(Images for object localization)
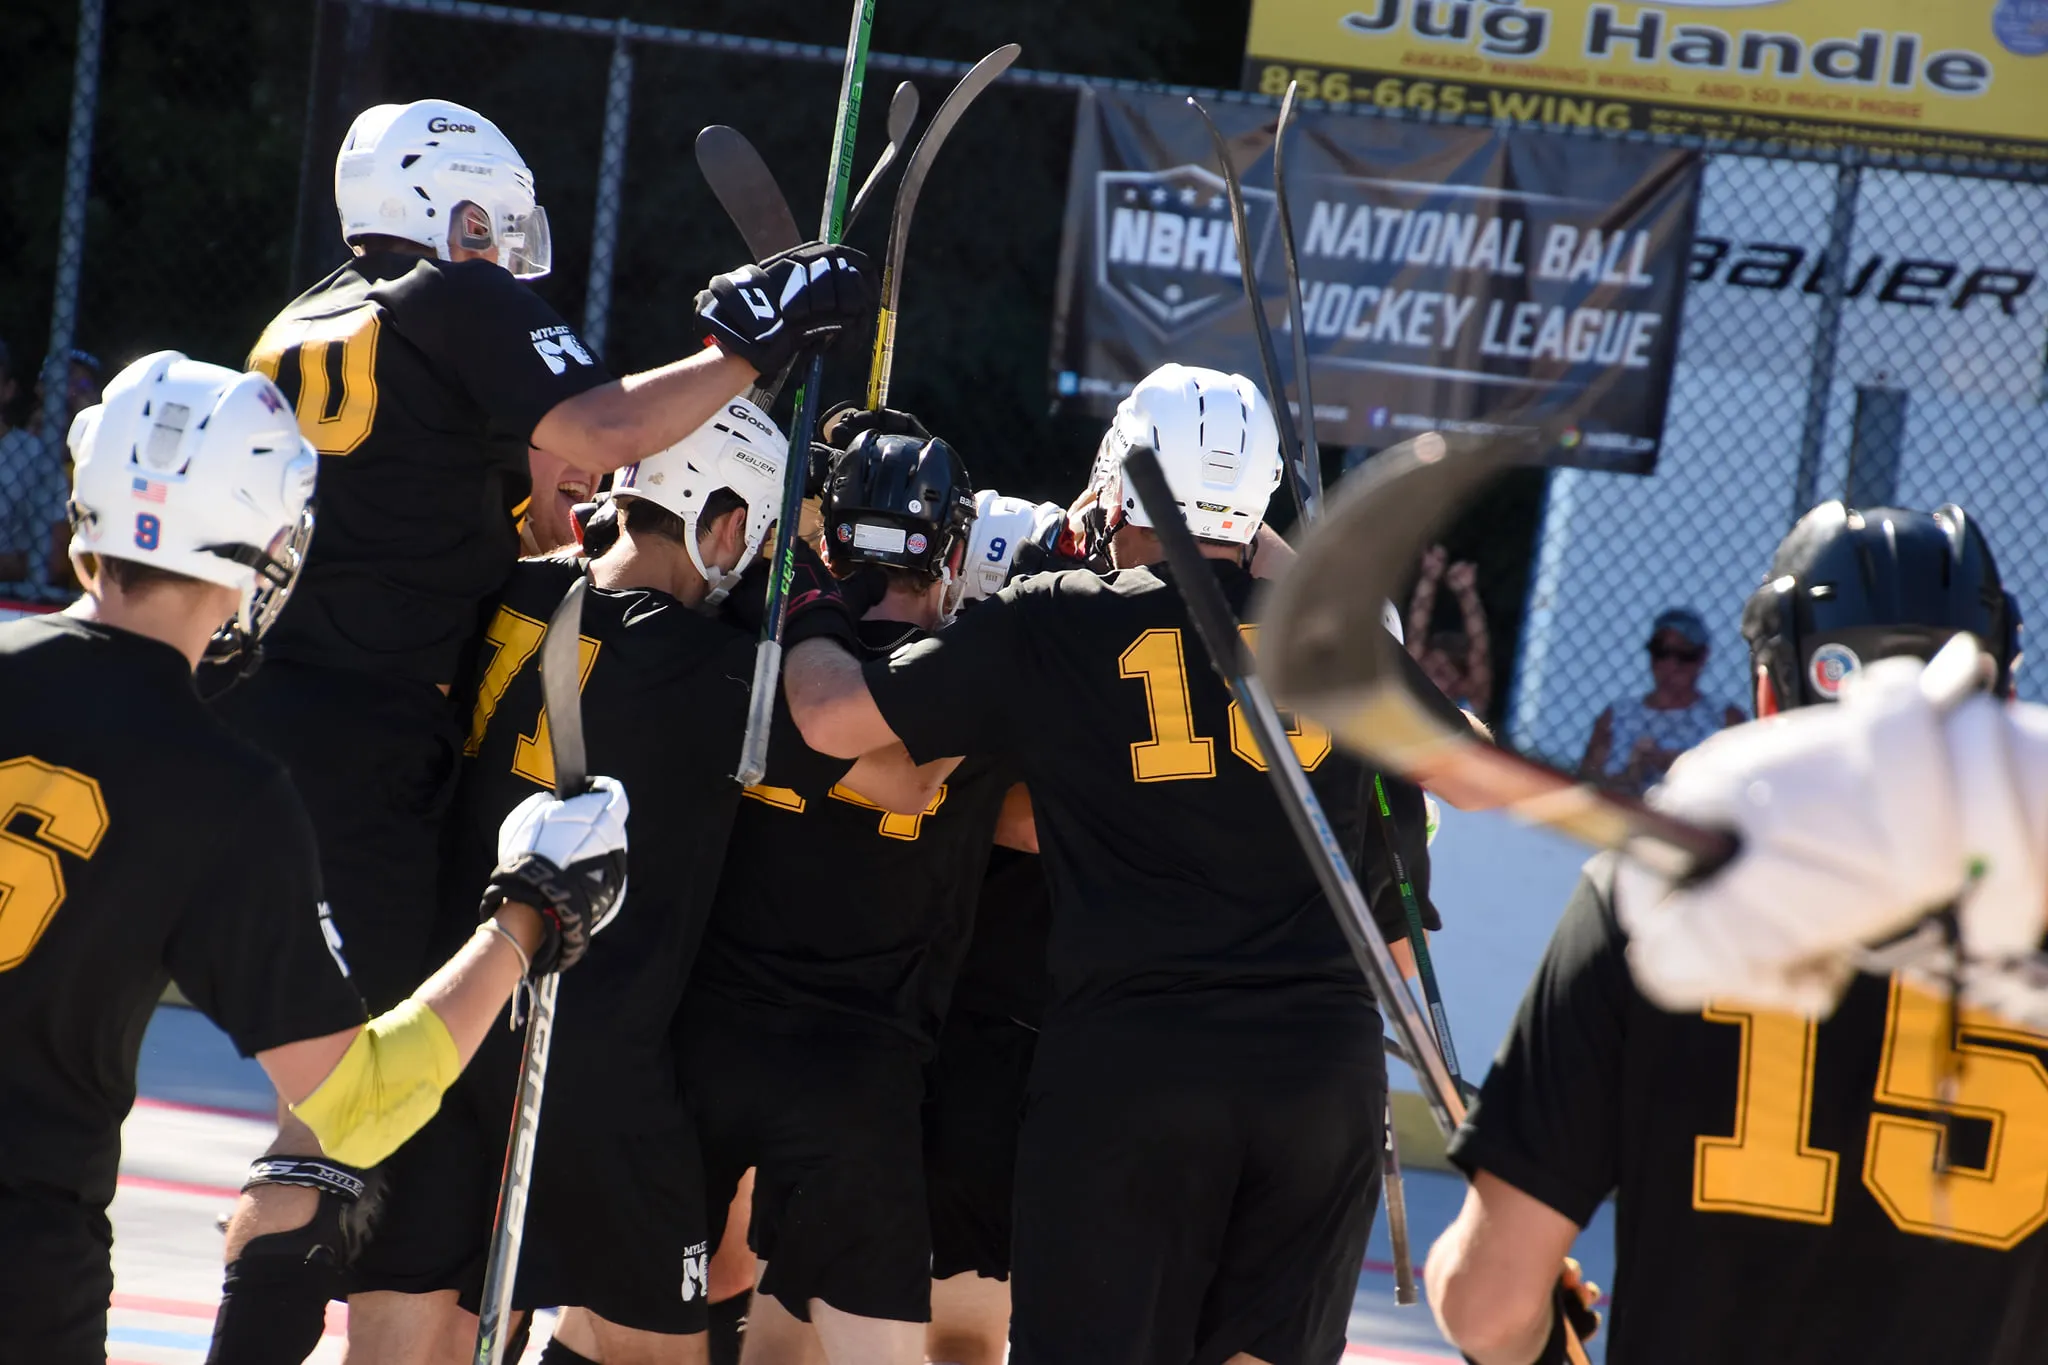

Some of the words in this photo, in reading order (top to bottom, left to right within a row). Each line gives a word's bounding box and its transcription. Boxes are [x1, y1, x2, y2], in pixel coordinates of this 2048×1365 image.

[1343, 0, 1549, 57] Jug
[1587, 6, 1990, 93] Handle
[1260, 66, 1631, 130] 856-665-WING
[1109, 207, 1244, 276] NBHL
[1305, 201, 1525, 274] NATIONAL
[1536, 223, 1654, 288] BALL
[529, 325, 570, 341] MYLEC
[1281, 280, 1476, 349] HOCKEY
[1480, 300, 1662, 367] LEAGUE
[1117, 429, 1129, 449] CCM
[134, 512, 161, 552] 9
[986, 537, 1007, 562] 9
[781, 548, 794, 595] CCM
[1693, 966, 2048, 1251] 15

* _TASK TO COMPLETE_: Produce a word-for-word copy of the records, omitting all images.

* _EXERCISE RESPONSE_:
Some of the words in this photo, in reading order (top to bottom, left to right within a row). Each line gives a word's bounding box and its transcription. Boxes are [x1, y1, x2, y2], in pixel coordinates of this 2048×1365 image.

[1343, 0, 1549, 57] Jug
[1587, 6, 1990, 93] Handle
[1260, 66, 1631, 130] 856-665-WING
[1109, 207, 1244, 276] NBHL
[1305, 201, 1525, 274] NATIONAL
[1536, 223, 1654, 288] BALL
[529, 325, 570, 341] MYLEC
[1281, 280, 1476, 349] HOCKEY
[1480, 300, 1662, 367] LEAGUE
[1117, 429, 1129, 449] CCM
[134, 512, 161, 552] 9
[986, 537, 1007, 562] 9
[781, 548, 794, 595] CCM
[1693, 966, 2048, 1251] 15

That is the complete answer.